Насладиться последними минутами нам не удаётся, так как за стенкой гремит посудой, шумит водой и ворчит один вредный Варвар. И это не я его обозвала, прозвище такое прицепилось со времен института.
Выгоняю Дамира отвлечь Натана. Кутаюсь в халат и, подхватив чистые вещи, бегу в ванную.
Сборы не занимают много времени. Быстрый душ, небрежный пучок, самая простая одежда — удобные широкие штаны и тёплая толстовка. И вот я уже готова к переезду.
— Доброе утро, тигрица, — хмыкает Натан, когда захожу на кухню.
— Не нарывайся, Нат, — рычит Дамир и отодвигает для меня стул.
— Молчу-молчу, — поднимает руки вверх, сдаваясь, адвокат и тянется к папке с документами. Кладёт на стол документ о расторжении брака и новенький паспорт. — Нет больше Вероники Яровой. Как и Валиевой. Теперь ты Анна.
— Иванова?! — возмущённо вскидываю голову. У нас в детском доме этих Ивановых пруд пруди было. Даже Иванов Иван Иванович был. Обычно эту фамилию дают тем, у кого совсем нет родных. Кого нашли или подкинули.
— Выйдешь замуж — сменишь фамилию, — фыркает Натан и подмигивает. А вот Дамир ещё сильнее злится, чашку с такой силой сжимает, что она трескается под напором его пальцев.
— Только на Асланову, — шепчу успокаивающе и целую в щёку.
Мы втроём завтракаем вчерашними блюдами. Согреваемся горячим кофе. Я жмусь теснее к молчаливому и напряжённому Дамиру.
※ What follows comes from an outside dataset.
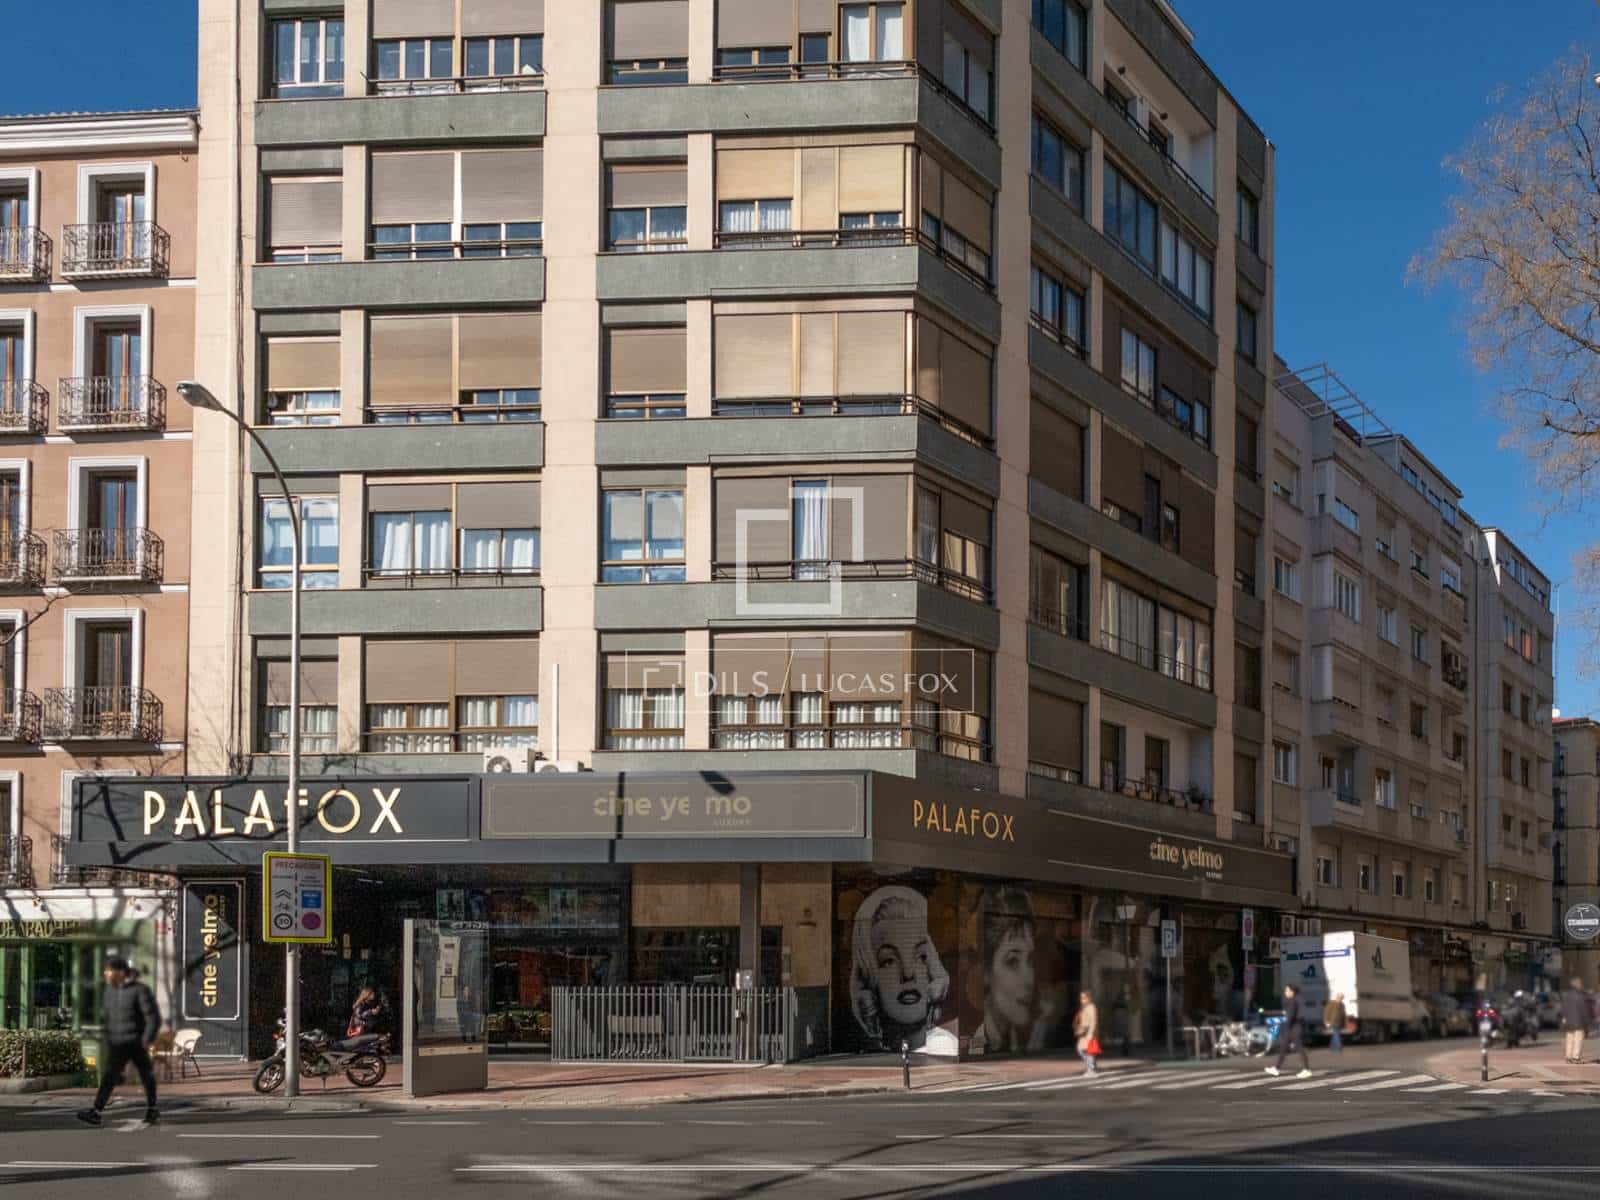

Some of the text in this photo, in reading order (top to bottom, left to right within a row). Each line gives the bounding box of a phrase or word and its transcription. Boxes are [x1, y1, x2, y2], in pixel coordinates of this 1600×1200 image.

И очень стараюсь не расплакаться. Держалась ведь эти дни.
— Если хотите провернуть всё незаметно, нужно выехать из города до рассвета. Прощайтесь в темпе. Я буду в машине, — хлопает в ладони Натан, отвлекая от мыслей, и выходит из кухни. Даёт нам несколько минут наедине.
Я не знаю, что нужно говорить в таких ситуациях. Да и язык будто прилипает к небу. Меня потряхивает. Дамир, с шумом выдохнув, к себе тянет. Обнимает крепко.
— Всё будет хорошо. Не волнуйся, ладно? — шепчет, губами прижимаясь к виску. Ладонь смещает на живот, даруя немного тепла. — Позаботься о себе и нём.
— Как мы его назовём? — выпаливаю внезапно, отстраняясь и в глаза заглядывая. — Сына. Мы так и не придумали имя.
— Я доверяю тебе, ты подберешь самое правильное и верное имя, — Дам стирает дорожки слёз и целует в солёные губы.
— Нет. Скажи! Хоть как-то поучаствуй в его судьбе!
— Ника, — напрягается он, хватка становится жёстче. — Не рви душу, маленькая.
— Скажи! — упрямо поджимаю губы, смаргивая чёртовы слёзы.
— Марат, — прикрыв глаза, прижимается лбом к моему лбу.